Phrase grounding data:
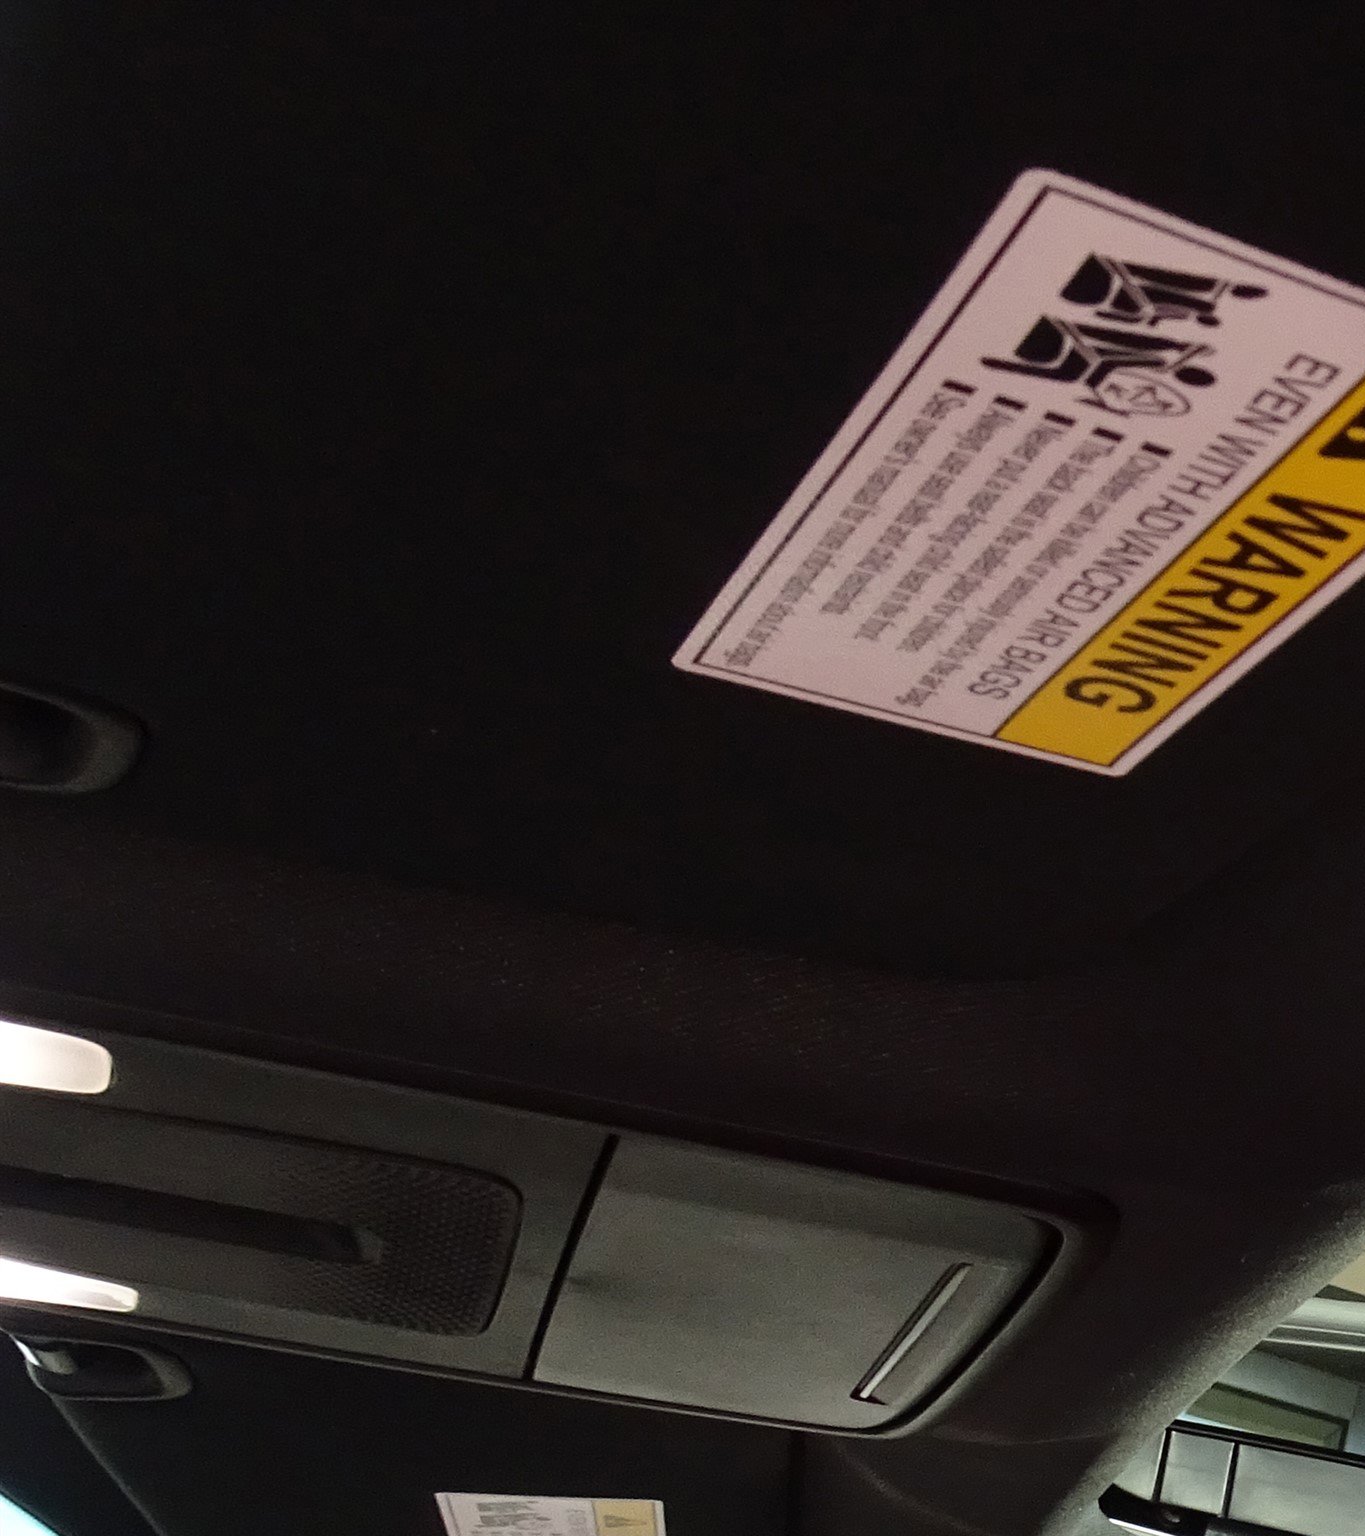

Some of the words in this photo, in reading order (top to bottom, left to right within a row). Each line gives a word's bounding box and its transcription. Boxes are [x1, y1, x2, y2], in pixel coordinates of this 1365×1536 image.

[1229, 351, 1344, 436] EVEN
[1165, 428, 1267, 501] WITH
[1051, 493, 1202, 614] ADVANCED
[1016, 609, 1085, 649] AIR
[964, 644, 1050, 701] BAGS
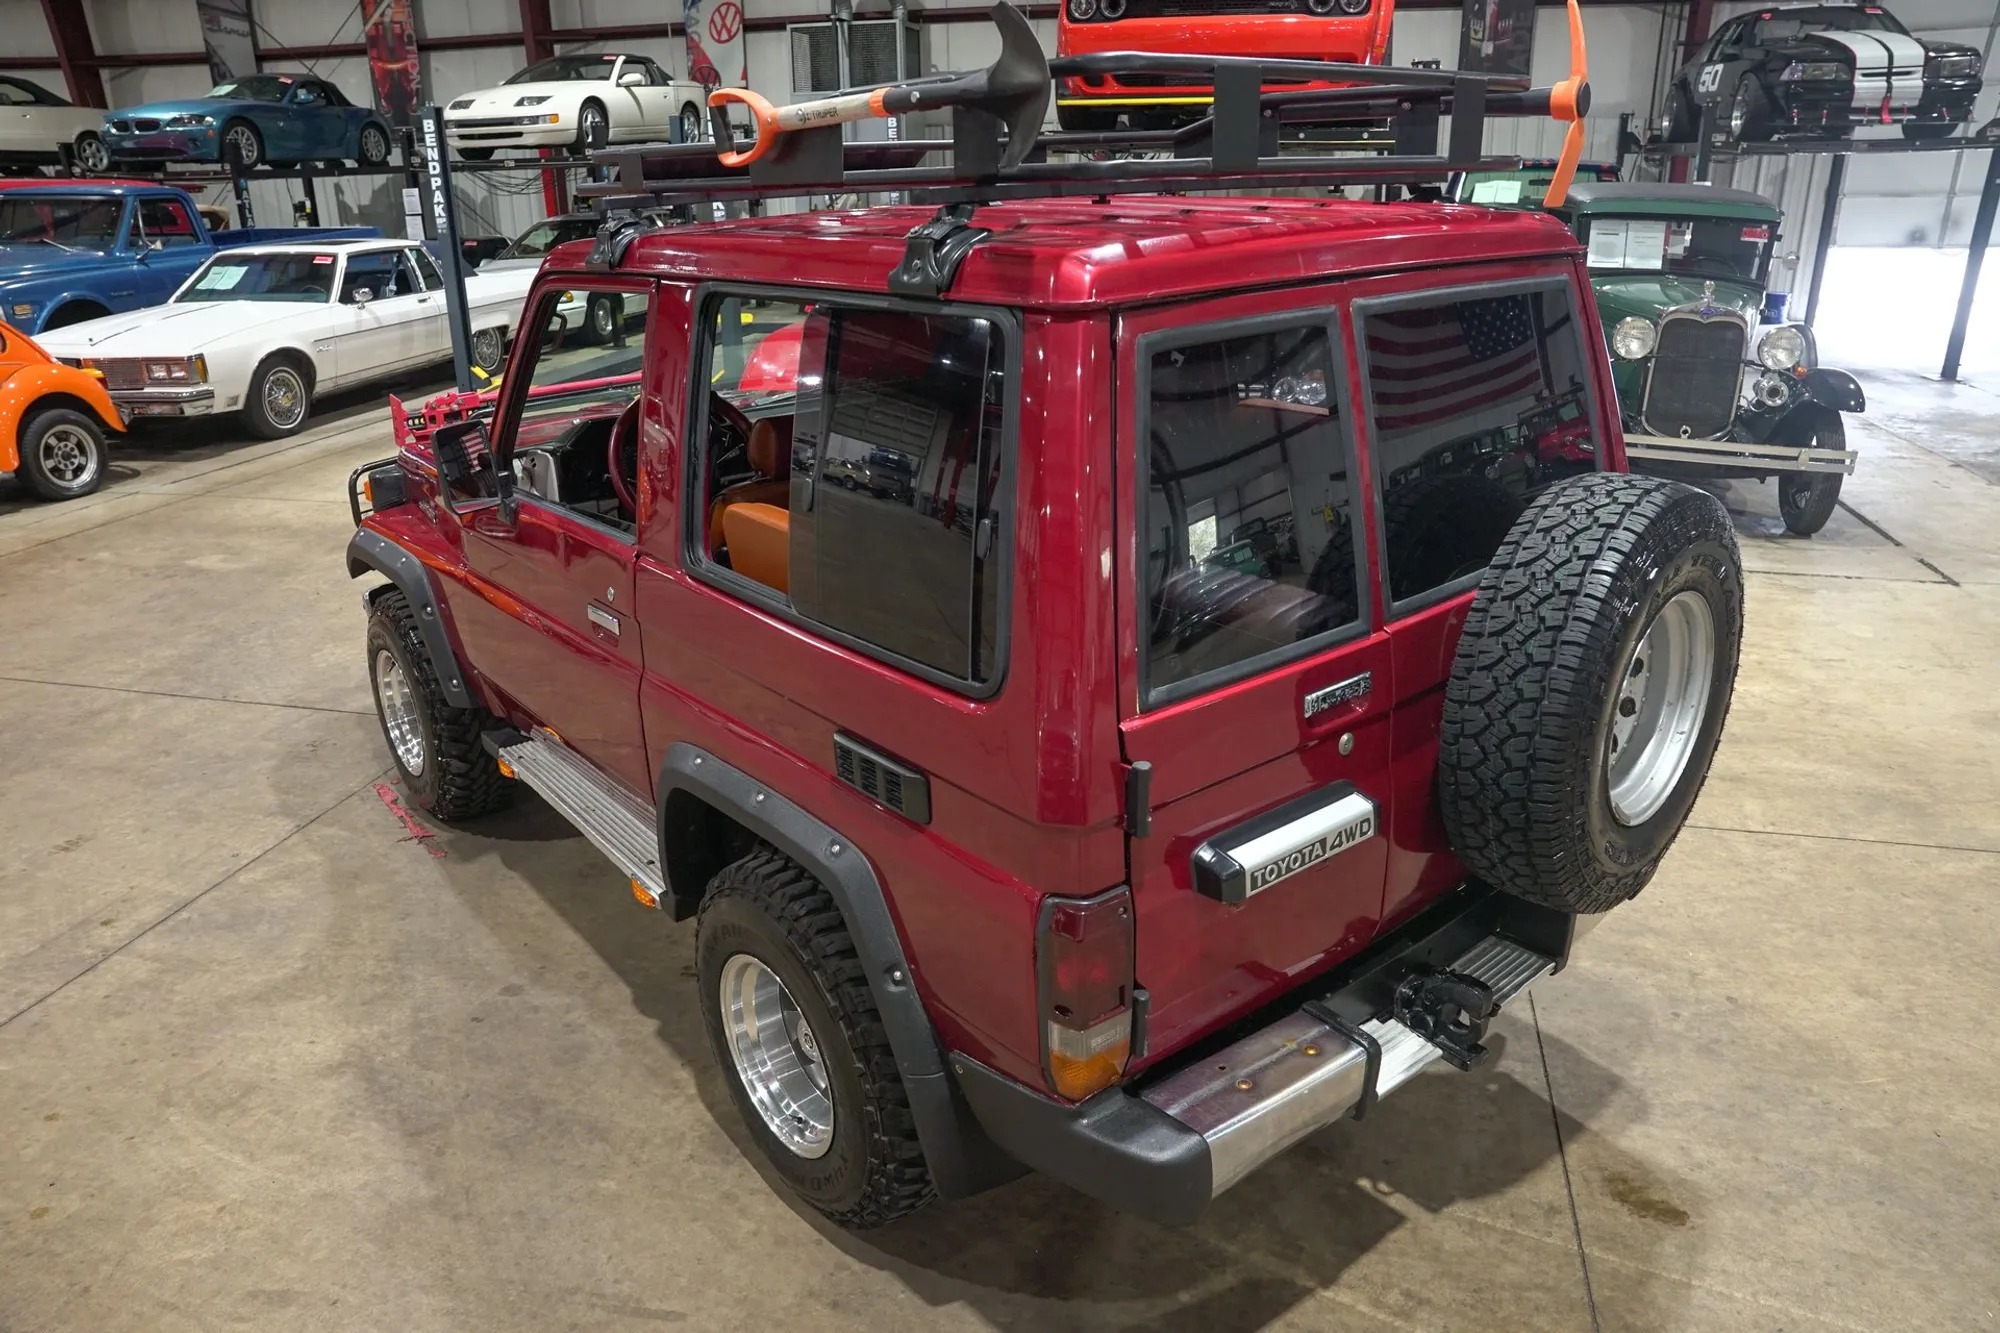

WORK INSTRUCTION:
Copy the records exactly; no image should appear in the result.

ANSWER AREA:
Some of the words in this photo, in reading order (top to bottom, left to right within a row). Each line gives a word's bounding box and its transcription. Boxes are [x1, y1, x2, y2], in pixel coordinates of this 1365×1536 image.

[1229, 351, 1344, 436] EVEN
[1165, 428, 1267, 501] WITH
[1051, 493, 1202, 614] ADVANCED
[1016, 609, 1085, 649] AIR
[964, 644, 1050, 701] BAGS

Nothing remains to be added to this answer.